→ **BRIEF**
If an entry below holds a picture, skip the picture and copy everything else exactly.

*** PROVIDED MATERIAL Section Begins ***

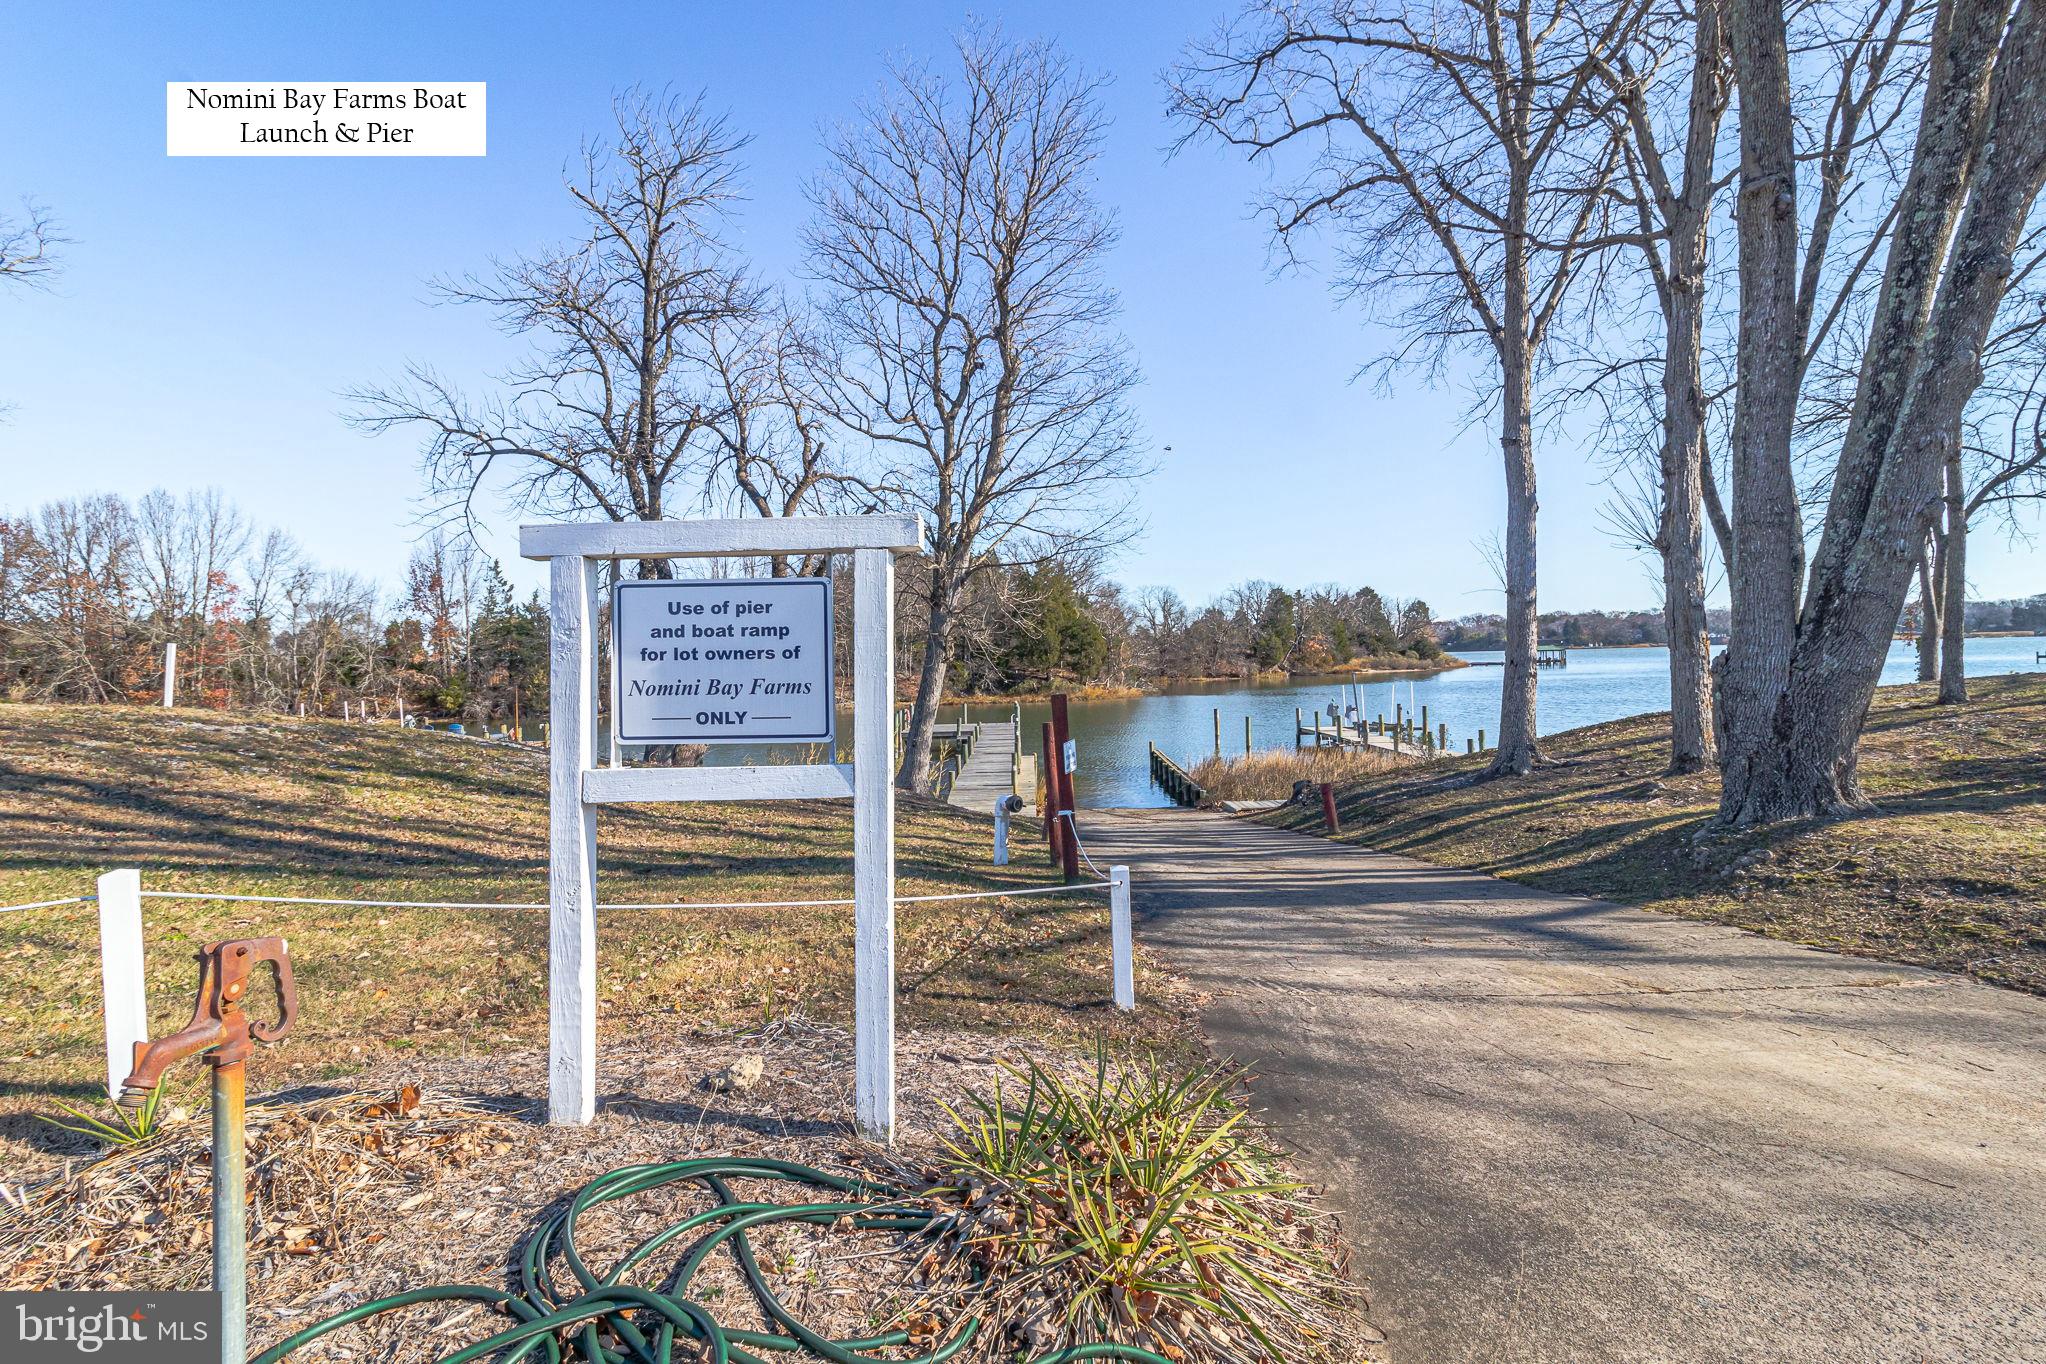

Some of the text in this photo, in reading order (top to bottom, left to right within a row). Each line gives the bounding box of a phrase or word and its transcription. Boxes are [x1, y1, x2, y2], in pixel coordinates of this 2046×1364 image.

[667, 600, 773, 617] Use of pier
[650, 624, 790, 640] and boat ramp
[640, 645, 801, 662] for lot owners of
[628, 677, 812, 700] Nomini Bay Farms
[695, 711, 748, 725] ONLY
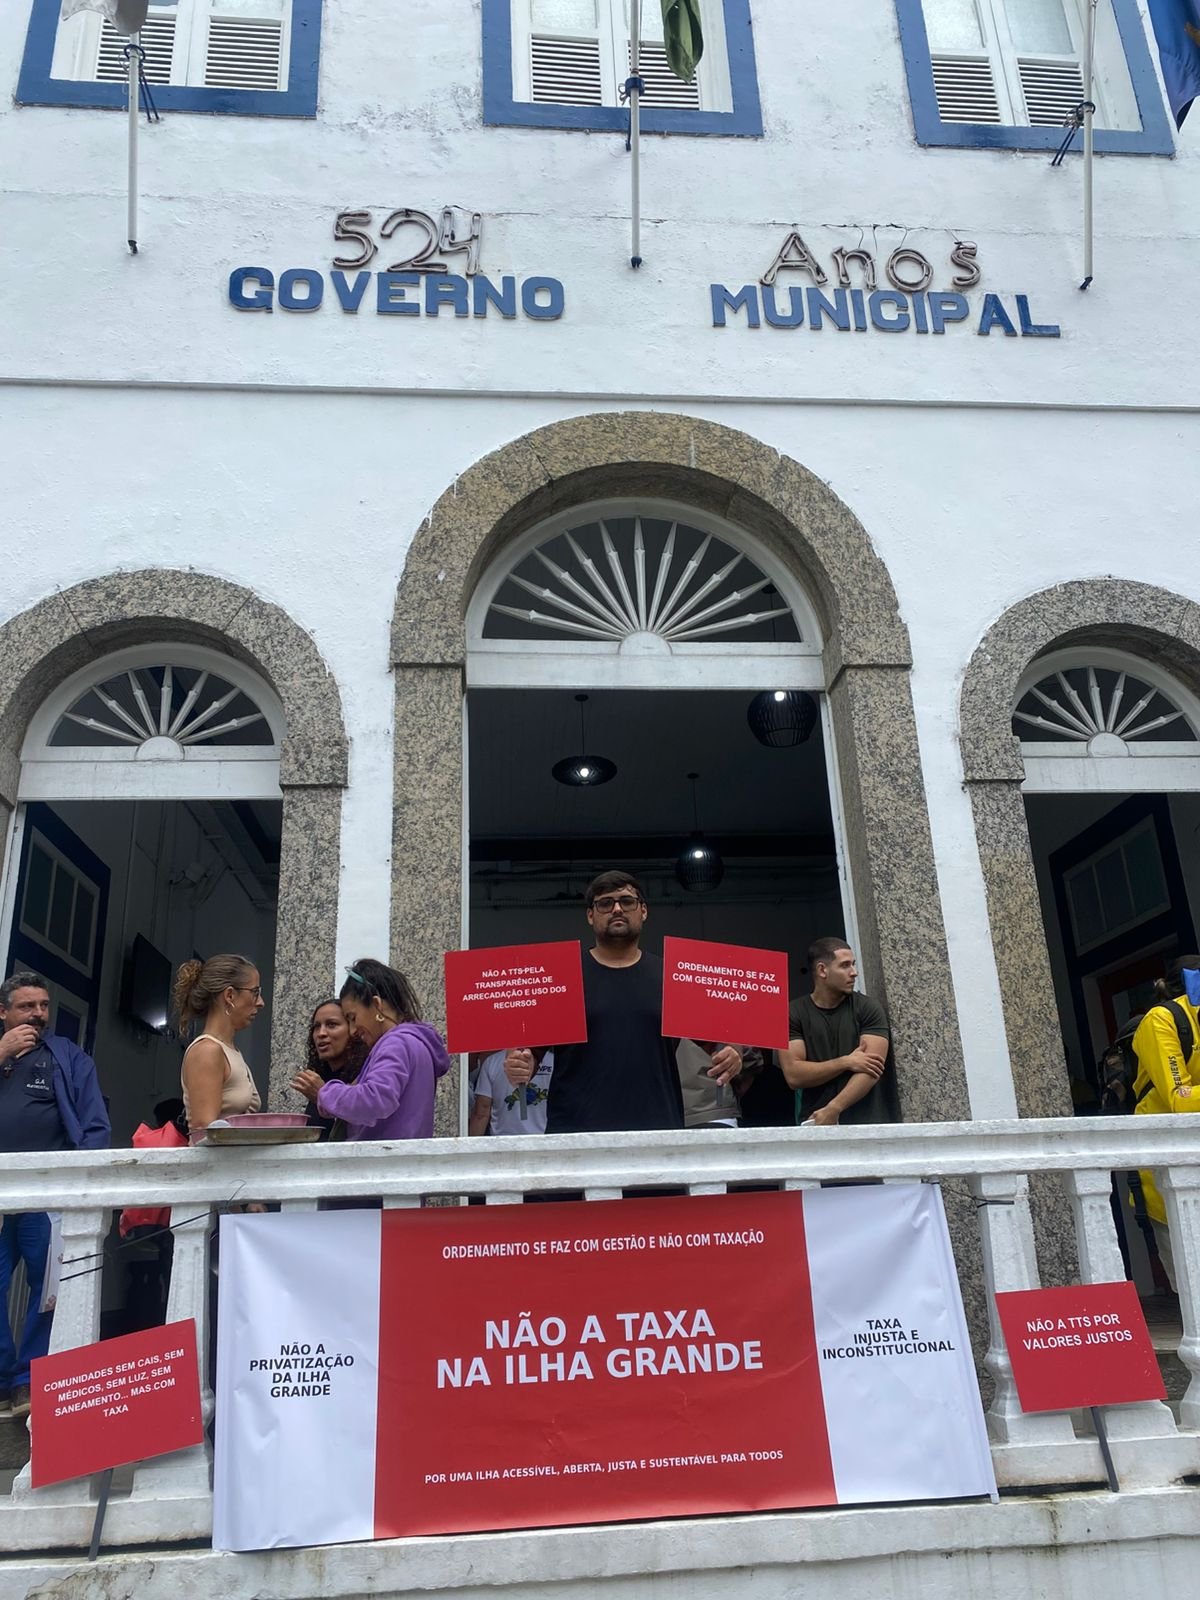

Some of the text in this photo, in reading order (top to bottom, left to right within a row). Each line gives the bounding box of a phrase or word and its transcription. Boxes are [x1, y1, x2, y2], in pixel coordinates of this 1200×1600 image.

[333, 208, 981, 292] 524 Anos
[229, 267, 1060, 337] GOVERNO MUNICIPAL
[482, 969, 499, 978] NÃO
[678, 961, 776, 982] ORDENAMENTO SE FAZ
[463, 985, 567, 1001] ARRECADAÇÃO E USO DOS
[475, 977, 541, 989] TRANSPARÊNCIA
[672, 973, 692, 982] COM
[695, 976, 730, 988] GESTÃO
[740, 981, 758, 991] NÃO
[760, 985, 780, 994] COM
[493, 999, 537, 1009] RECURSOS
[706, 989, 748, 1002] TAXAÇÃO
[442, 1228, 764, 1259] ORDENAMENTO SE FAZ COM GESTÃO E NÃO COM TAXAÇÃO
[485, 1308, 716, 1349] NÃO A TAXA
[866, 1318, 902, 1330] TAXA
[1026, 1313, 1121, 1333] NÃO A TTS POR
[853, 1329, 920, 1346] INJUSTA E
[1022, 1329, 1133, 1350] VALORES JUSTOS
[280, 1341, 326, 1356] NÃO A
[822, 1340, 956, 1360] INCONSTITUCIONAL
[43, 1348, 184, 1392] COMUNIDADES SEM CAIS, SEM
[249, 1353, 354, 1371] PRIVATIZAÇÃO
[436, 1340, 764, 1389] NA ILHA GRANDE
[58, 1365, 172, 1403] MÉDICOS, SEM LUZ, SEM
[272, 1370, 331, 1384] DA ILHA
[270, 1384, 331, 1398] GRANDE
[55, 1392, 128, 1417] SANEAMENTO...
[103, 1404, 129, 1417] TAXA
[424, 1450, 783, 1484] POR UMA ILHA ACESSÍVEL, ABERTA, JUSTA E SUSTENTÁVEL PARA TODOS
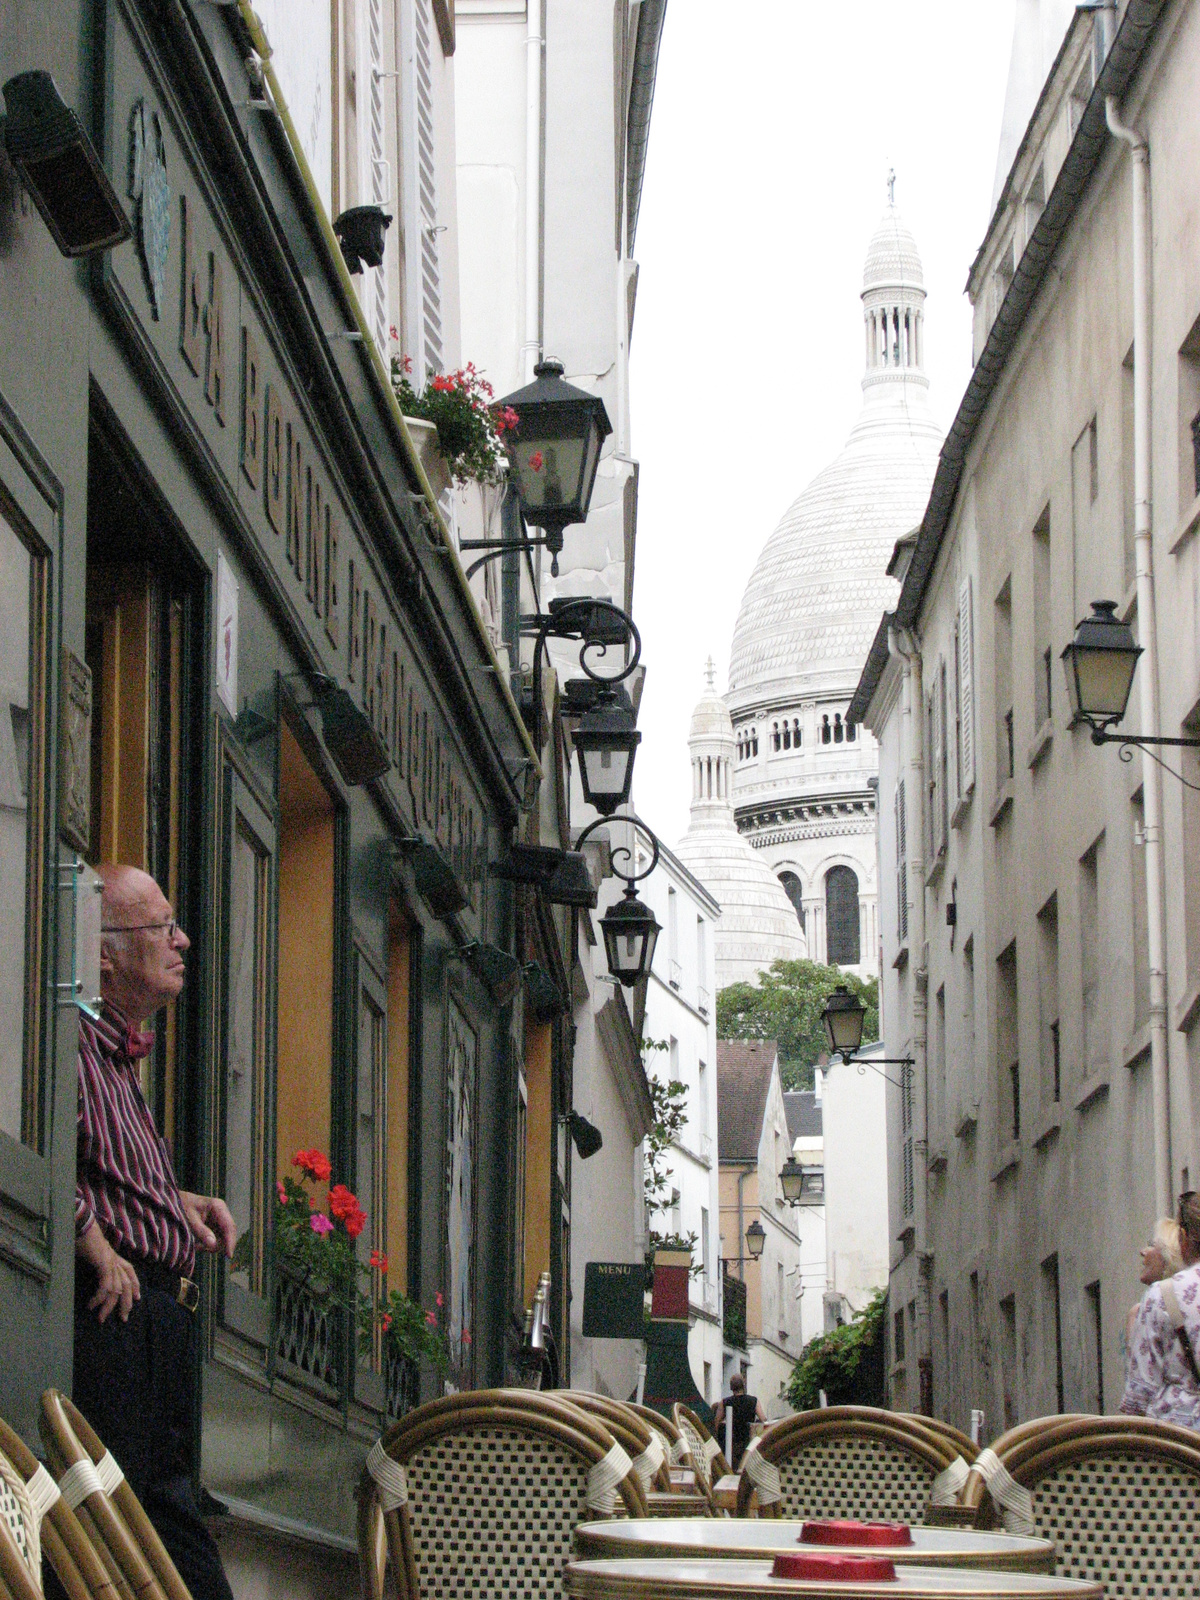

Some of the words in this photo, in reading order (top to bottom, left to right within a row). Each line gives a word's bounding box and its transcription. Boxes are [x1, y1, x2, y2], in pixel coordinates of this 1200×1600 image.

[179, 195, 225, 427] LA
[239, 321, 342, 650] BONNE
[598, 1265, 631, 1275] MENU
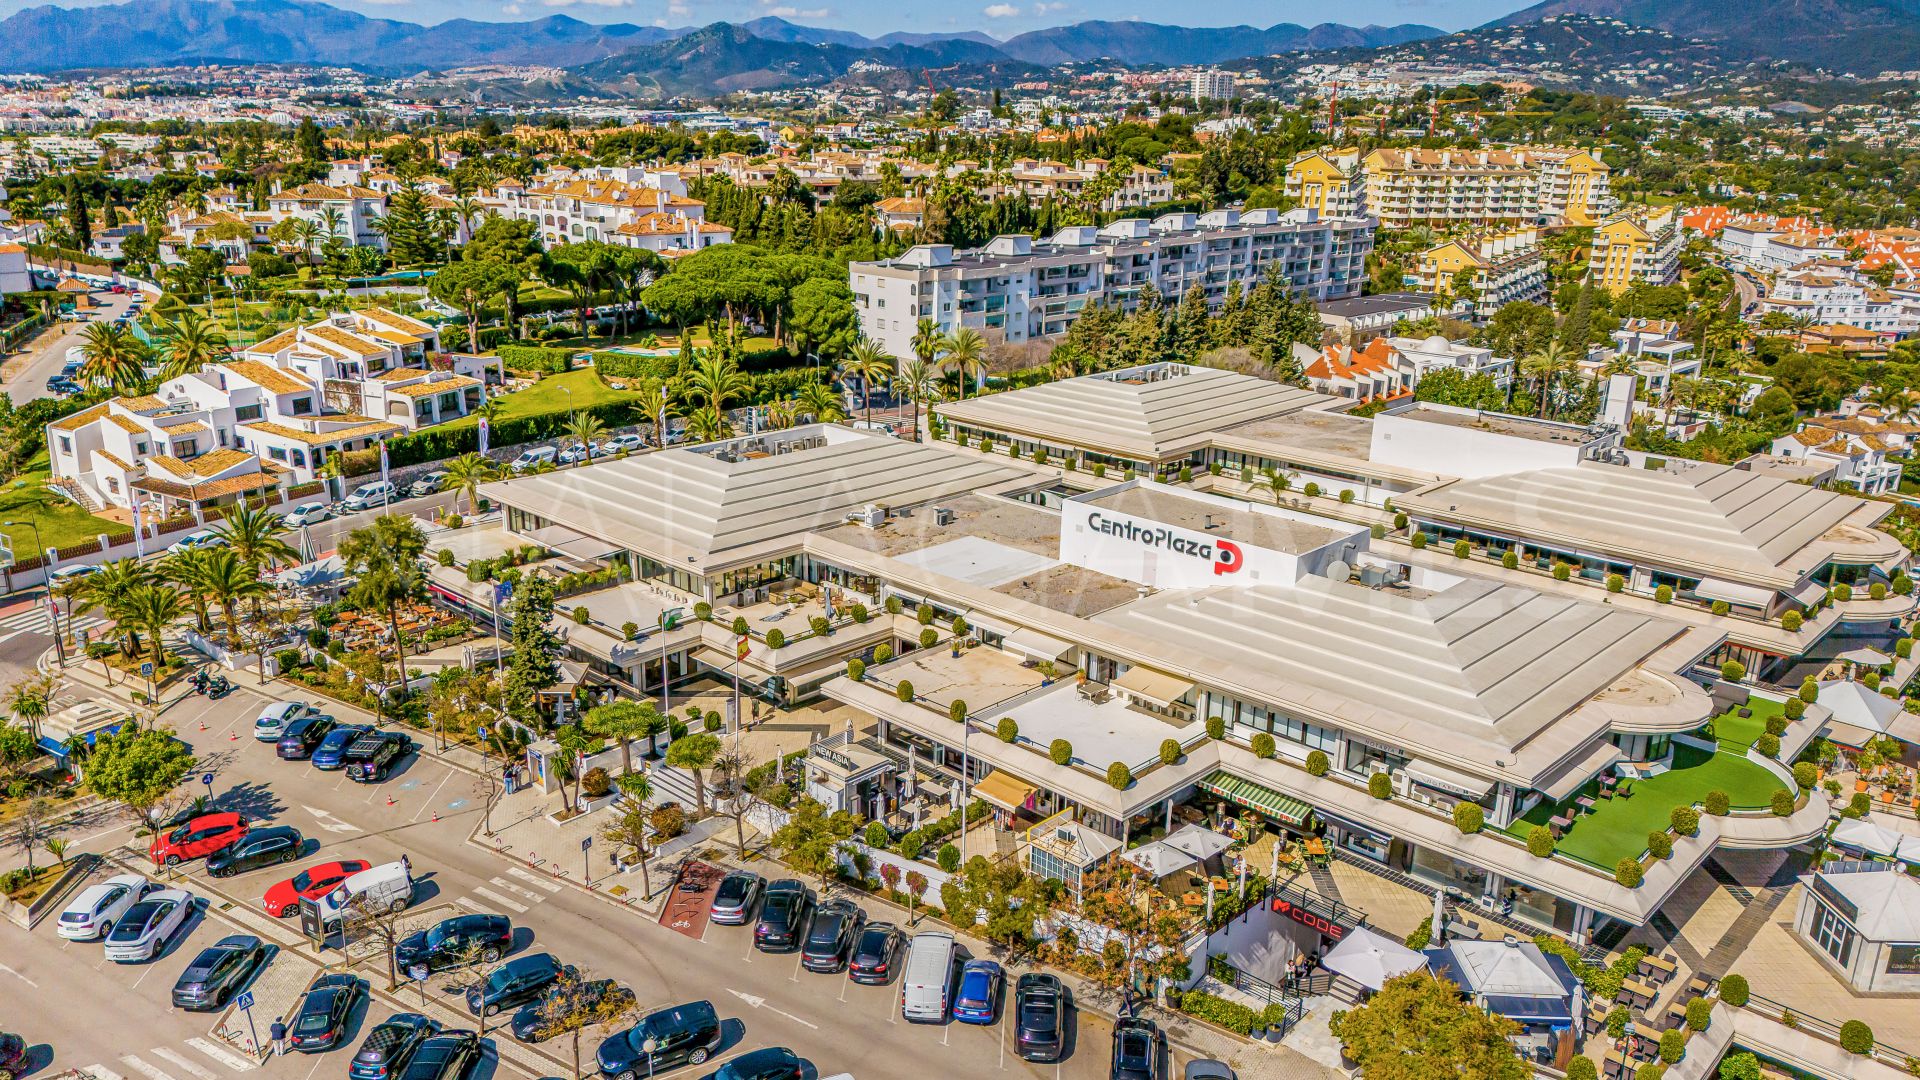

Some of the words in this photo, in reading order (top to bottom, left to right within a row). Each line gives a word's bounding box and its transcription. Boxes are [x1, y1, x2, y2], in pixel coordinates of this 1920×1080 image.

*** PROVIDED MATERIAL Section Ends ***

→ **YOUR SOLUTION**
Some of the text in this photo, in reading order (top to bottom, left to right within a row). Each line gives the bounding box of a phrase or word and its transcription. Boxes are [x1, y1, x2, y2], in pixel coordinates of this 2046×1364 image.

[667, 600, 773, 617] Use of pier
[650, 624, 790, 640] and boat ramp
[640, 645, 801, 662] for lot owners of
[628, 677, 812, 700] Nomini Bay Farms
[695, 711, 748, 725] ONLY

Some of the text in this photo, in reading order (top to bottom, left to right within a row). Each line gives the bounding box of a phrase or word and its transcription. Boxes are [x1, y1, x2, y2], in pixel coordinates of this 1200×1600 image.

[333, 208, 981, 292] 524 Anos
[229, 267, 1060, 337] GOVERNO MUNICIPAL
[482, 969, 499, 978] NÃO
[678, 961, 776, 982] ORDENAMENTO SE FAZ
[463, 985, 567, 1001] ARRECADAÇÃO E USO DOS
[475, 977, 541, 989] TRANSPARÊNCIA
[672, 973, 692, 982] COM
[695, 976, 730, 988] GESTÃO
[740, 981, 758, 991] NÃO
[760, 985, 780, 994] COM
[493, 999, 537, 1009] RECURSOS
[706, 989, 748, 1002] TAXAÇÃO
[442, 1228, 764, 1259] ORDENAMENTO SE FAZ COM GESTÃO E NÃO COM TAXAÇÃO
[485, 1308, 716, 1349] NÃO A TAXA
[866, 1318, 902, 1330] TAXA
[1026, 1313, 1121, 1333] NÃO A TTS POR
[853, 1329, 920, 1346] INJUSTA E
[1022, 1329, 1133, 1350] VALORES JUSTOS
[280, 1341, 326, 1356] NÃO A
[822, 1340, 956, 1360] INCONSTITUCIONAL
[43, 1348, 184, 1392] COMUNIDADES SEM CAIS, SEM
[249, 1353, 354, 1371] PRIVATIZAÇÃO
[436, 1340, 764, 1389] NA ILHA GRANDE
[58, 1365, 172, 1403] MÉDICOS, SEM LUZ, SEM
[272, 1370, 331, 1384] DA ILHA
[270, 1384, 331, 1398] GRANDE
[55, 1392, 128, 1417] SANEAMENTO...
[103, 1404, 129, 1417] TAXA
[424, 1450, 783, 1484] POR UMA ILHA ACESSÍVEL, ABERTA, JUSTA E SUSTENTÁVEL PARA TODOS

Some of the words in this photo, in reading order (top to bottom, left to right within a row). Each line gives a word's bounding box and its transcription. Boxes are [x1, y1, x2, y2], in pixel coordinates of this 1200×1600 image.

[179, 195, 225, 427] LA
[239, 321, 342, 650] BONNE
[598, 1265, 631, 1275] MENU

Some of the words in this photo, in reading order (top to bottom, left to right within a row). Each line gives a word's bounding box and its transcription. Boxes are [x1, y1, x2, y2], in pixel coordinates of this 1920×1080 image.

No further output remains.